Re: Thread safe Singleton class
On Jun 26, 3:50 am, Udit Sharma <sharmaa.u...@gmail.com> wrote:
Hi,
I was informed by my colleague that the following code is not thread
safe but I still don't know why because his arguments weren't very
convincing.
//Singleton.h
class Singleton
{
private:
static Singleton instance;
Singleton(){}
Singleton(const Singleton&){}
Singleton& operator=(Singleton const&){}
public:
static Singleton& getInstance();
};
//Singleton.cpp
#include "Singleton.h"
Singleton Singleton::instance;
Singleton& Singleton::getInstance()
{
return instance;
}
Since am maintaining a static instance this should be created only
once irrespective of how many threads are accessing the getInstance()

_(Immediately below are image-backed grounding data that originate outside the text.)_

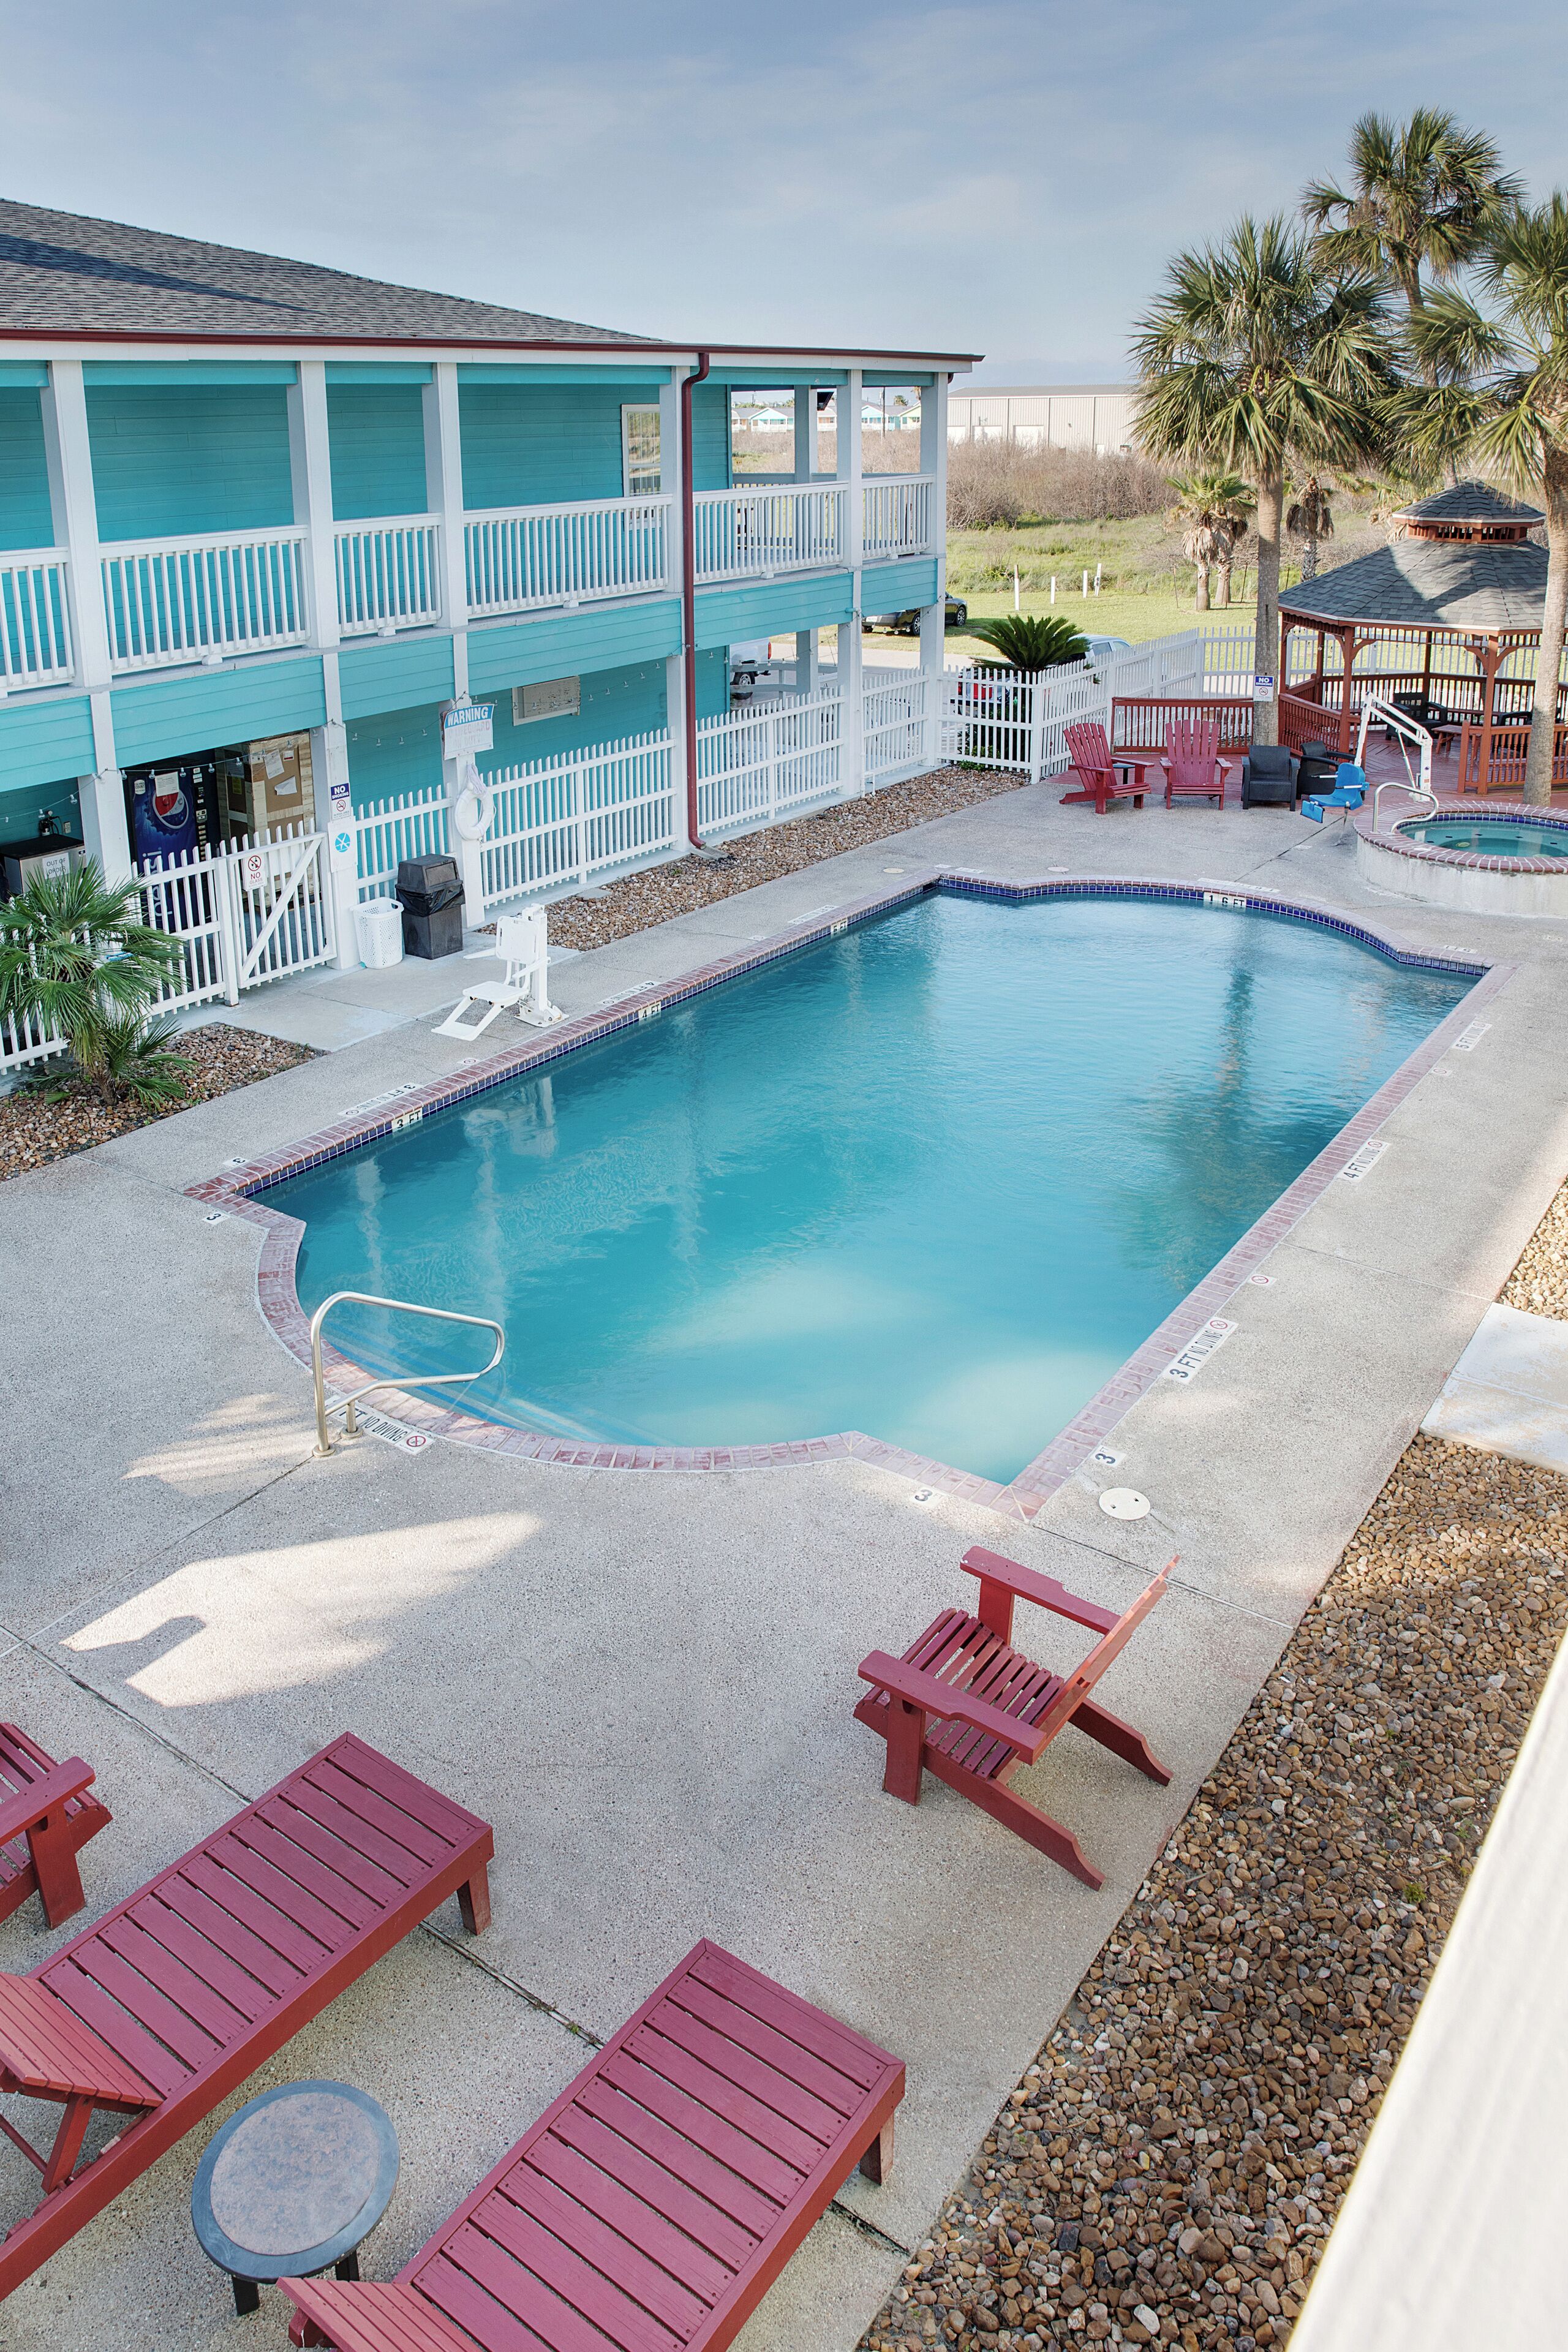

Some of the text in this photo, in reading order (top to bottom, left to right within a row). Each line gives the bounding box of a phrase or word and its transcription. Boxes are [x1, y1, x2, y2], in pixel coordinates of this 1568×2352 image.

[448, 707, 489, 727] WARNING
[334, 785, 346, 794] NO
[48, 865, 66, 874] ORDER
[397, 1110, 421, 1129] 3 FT
[1348, 1163, 1366, 1173] FT
[1169, 1330, 1223, 1378] 3 FT NO DIVING
[360, 1415, 380, 1429] NO
[372, 1422, 408, 1442] DIVING
[1095, 1453, 1115, 1464] 3
[914, 1489, 933, 1501] 3

function at the same time. So is this code not thread safe?
As Bart van Ingen Schenau and James Kanze have said, it's thread-safe
as is, but there's the static initialization order problem. Generally,
you solve this problem either with library support ala pthread_once,
or you make your singleton instance be a function local static to
"initialize on demand" to solve the static initialization order
problem, and then you make a global whose sole purpose is to
initialize the singleton before main(), and thus presumably before
there are threads. (If there are nontrivial threads before main, you
cannot solve this problem with mutexes alone in C++. You would need
the power of pthread_once or equivalent.)
Ex:
//hpp
class singleton
{
public:
static singleton& getSingleton();
};
//cpp
singleton& singleton::getSingleton()
{ static singleton * x = new singleton;
return *x;
}
namespace { bool forceInit = (singleton::getSingleton(), true); }
This will generally ensure a single initialization of a singleton in a
thread safe way, and avoid the static order initialization problem.

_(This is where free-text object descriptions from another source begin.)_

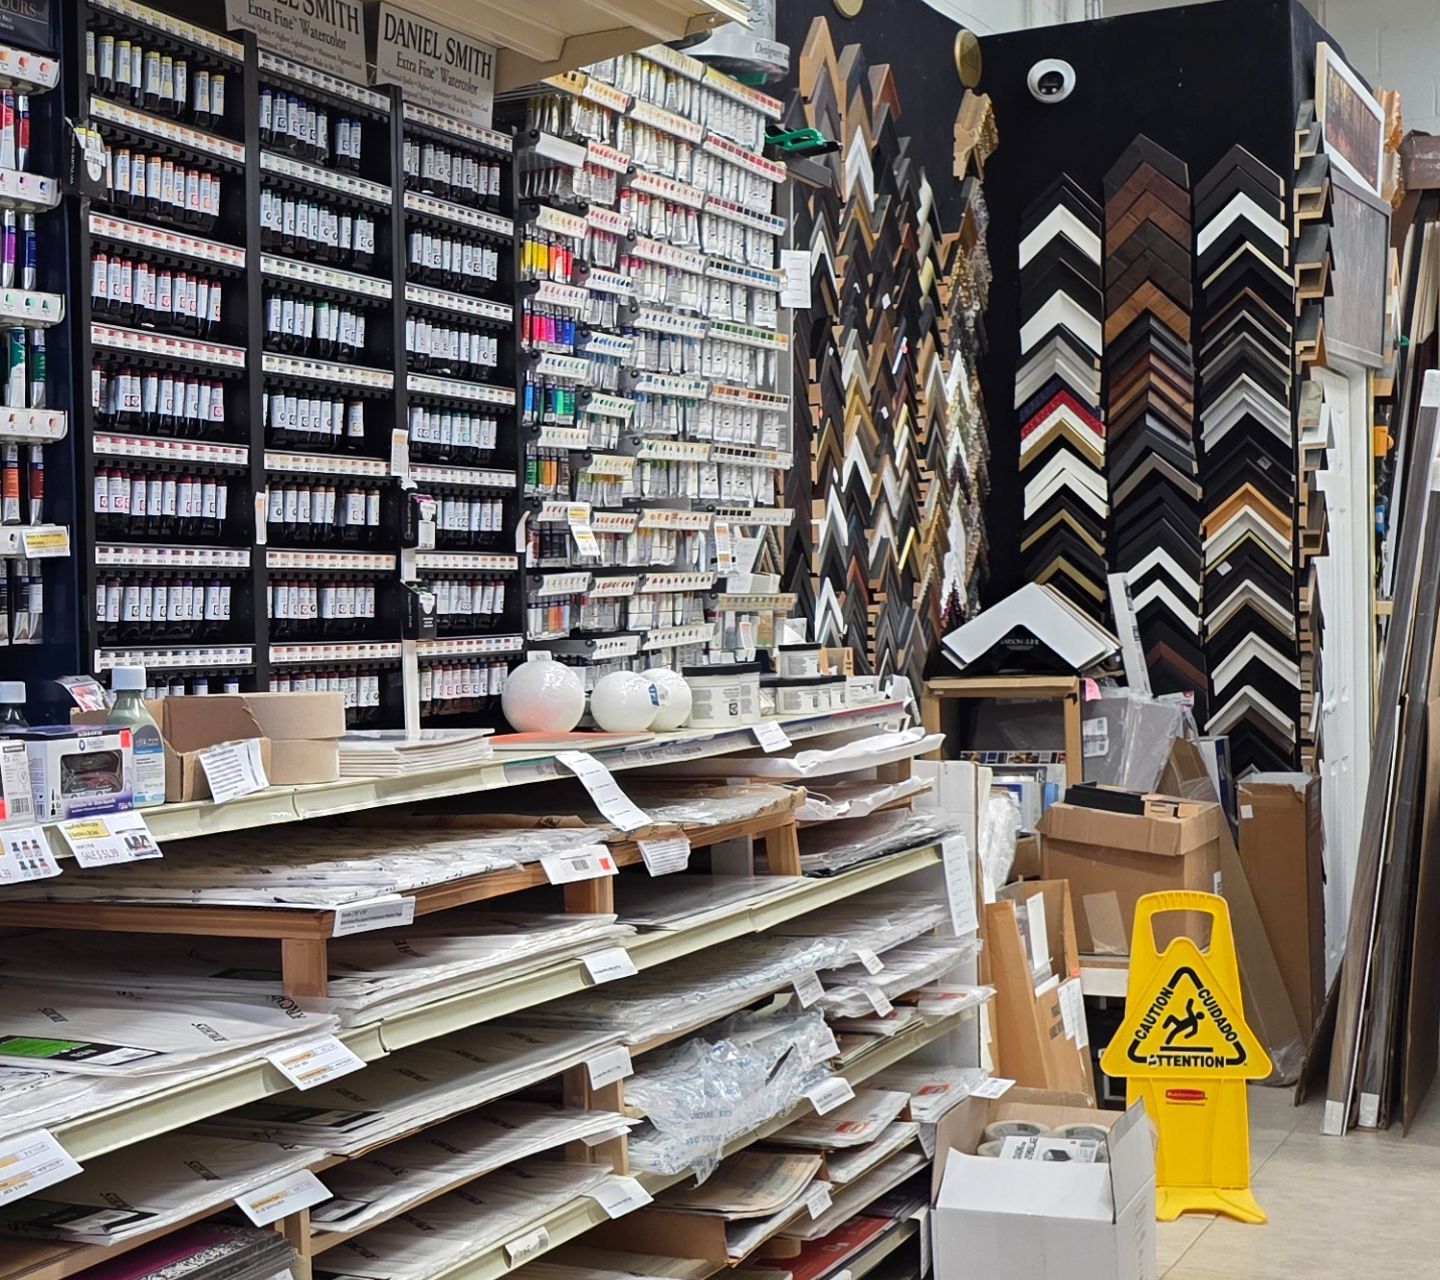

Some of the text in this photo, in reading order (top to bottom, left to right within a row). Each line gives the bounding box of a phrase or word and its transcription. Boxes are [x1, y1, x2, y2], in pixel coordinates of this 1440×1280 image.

[299, 17, 347, 51] Watercolor
[384, 12, 442, 60] DANIEL
[445, 37, 492, 80] SMITH
[396, 51, 417, 74] Extra
[1134, 986, 1174, 1040] CAUTION
[1197, 988, 1238, 1042] CUIDADO

(At least under the assumption that there are no threads before main.
If there are nontrivial threads before main, see pthread_once, and
good luck for non-posix systems like windows. I haven't looked into
it.) This will in no way guarantee thread-safe access to the
singleton; if the singleton is changeable you still need to worry
about guarding access such as with a mutex inside the singleton
instance. (Specifically do not make the mutex another static member of
the class, because then you run into how to safely initialize the
mutex and you hit the exact same issues as above: namely static
initialization order and thread safety of construction.)